Sementara kesaksian pelaku dan saksi
sejarah yang dikirim oleh Pemerintah Indonesia untuk memenangkan PEPERA 1969,
Piter Sirandan (alm), pada awal Desember 2009 setelah membaca buku saya:
“Permusnahan Etnis Melanesia” (2007) dan “Suara Bagi Kaum Tak Bersuara” (2009)

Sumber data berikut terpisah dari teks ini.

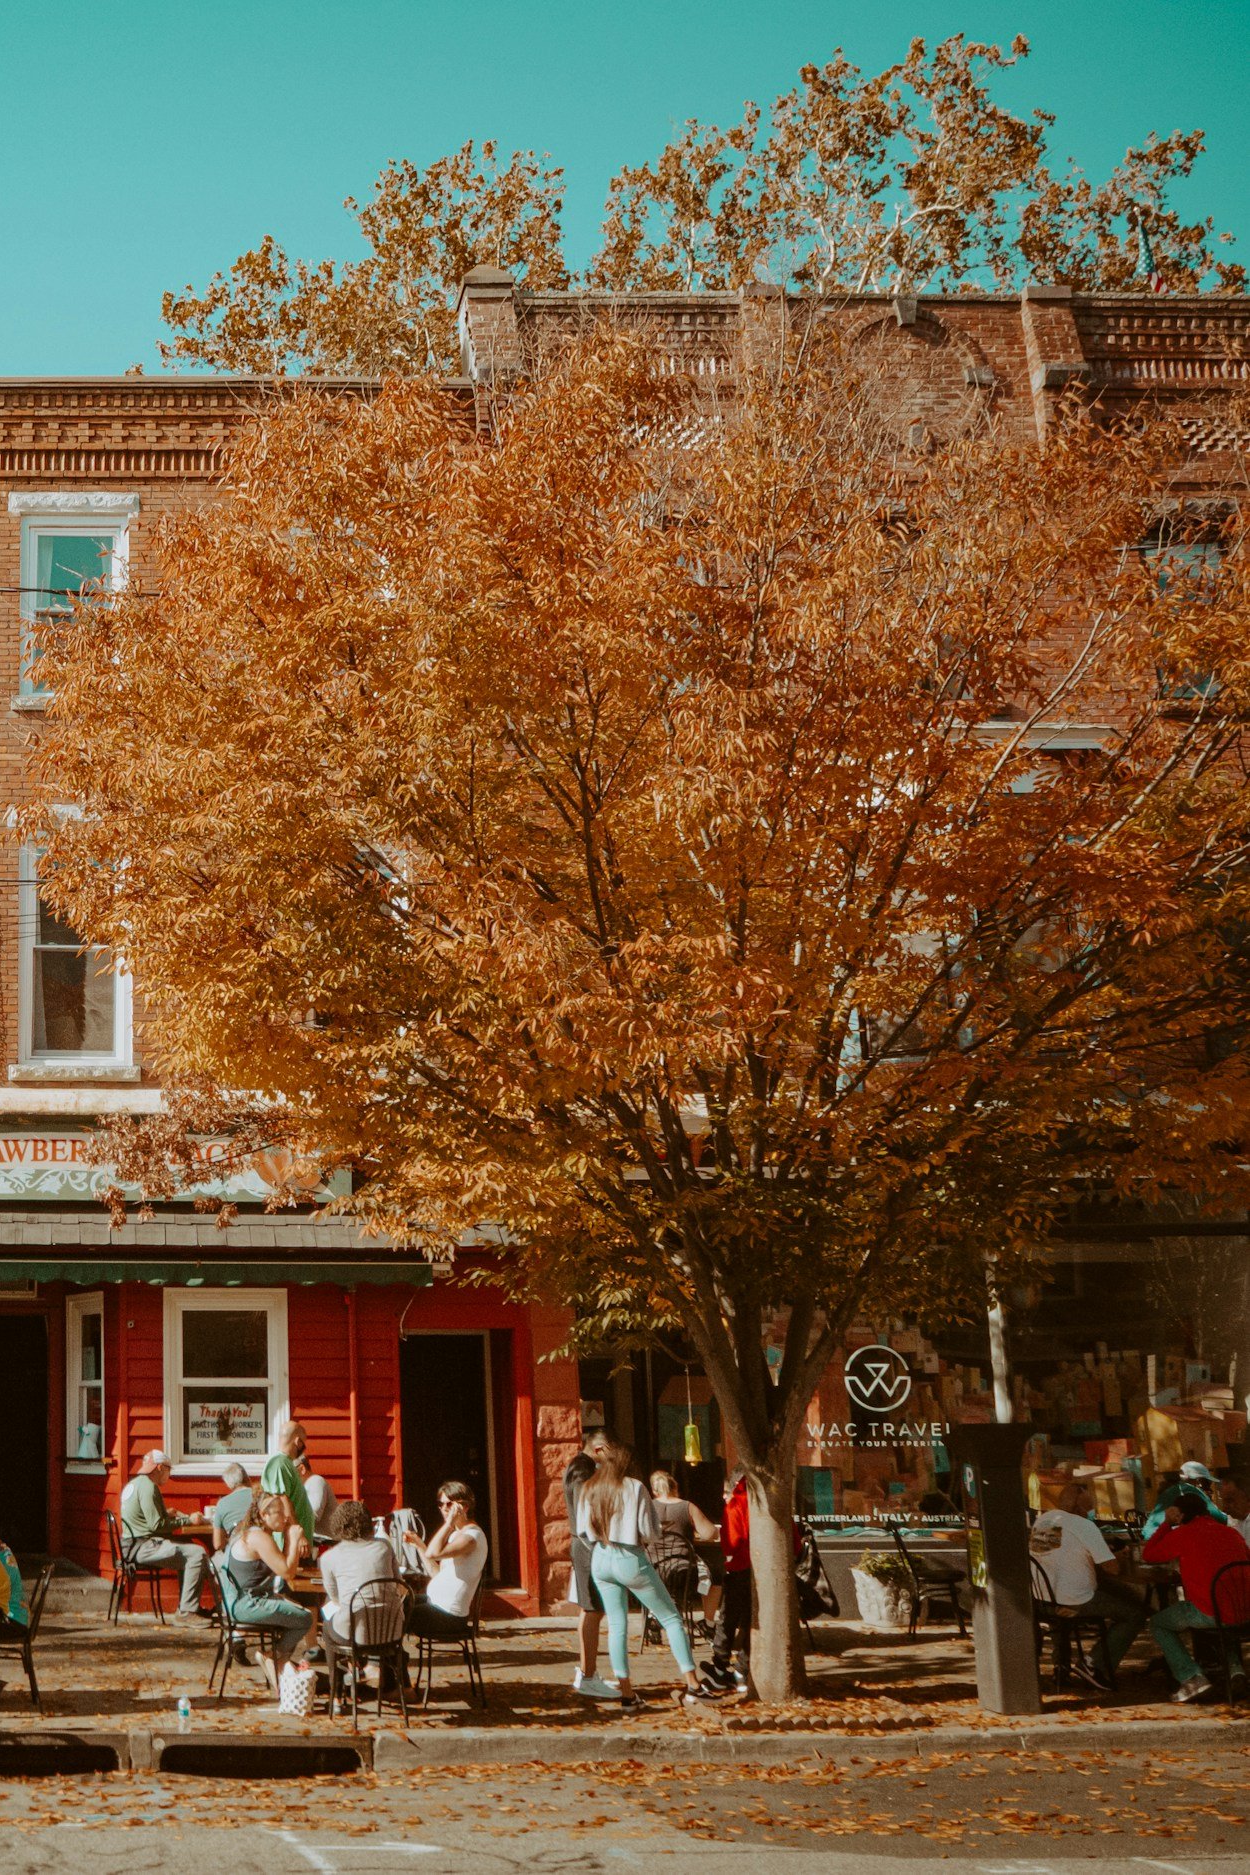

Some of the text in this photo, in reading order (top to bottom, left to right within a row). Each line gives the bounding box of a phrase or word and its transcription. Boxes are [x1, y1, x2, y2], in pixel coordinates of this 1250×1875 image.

[232, 1406, 253, 1418] You!
[196, 1431, 214, 1439] FIRST
[806, 1423, 857, 1437] WAC
[807, 1440, 853, 1448] ELEVATE
[859, 1440, 887, 1448] YOUR
[807, 1514, 871, 1523] SWITZERLAND
[878, 1513, 912, 1523] ITALY
[921, 1514, 961, 1523] AUSTRIA

menyatakan penyesalannya kepada saya: “ Pak Yoman, saya tiba di Jayapura, 1
Desember 1964.
Kami orang Indonesia benar-benar menipu
orang-orang Papua yang mau berkata benar pada waktu itu. Kami benar-benar menipu
orang Papua. Kami benar-benar menindas orang Papua. Kami benar-benar merugikan
masa depan orang Papua. Kami benar-benar tidak menghargai hati nurani orang
Papua untuk benar-benar mau merdeka. Kami mengetahui bahwa pada waktu
pelaksanaan PEPERA 1969 itu, orang-orang Papua benar-benar mau merdeka. Saya
mengetahui bahwa 100% orang Papua mau merdeka. Impian dan harapan mereka,
benar-benar kami hancurkan. Pada waktu itu, saya mendapat hadiah uang sebesar
Rp 7.000.000; dari Pemerintah Indonesia karena saya dianggap berhasil menipu
orang Papua dan memenangkan PEPERA 1969. Karena itu, sekarang saya sangat
mendukung perjuangan orang Papua untuk merdeka” ( baca: Dumma Socratez Sofyan
Yoman: Integrasi Belum Selesai: 2010: hal.91-92, dan Socratez Sofyan Yoman: Gereja
dan Politik di Papua Barat: 2011, hal. 21)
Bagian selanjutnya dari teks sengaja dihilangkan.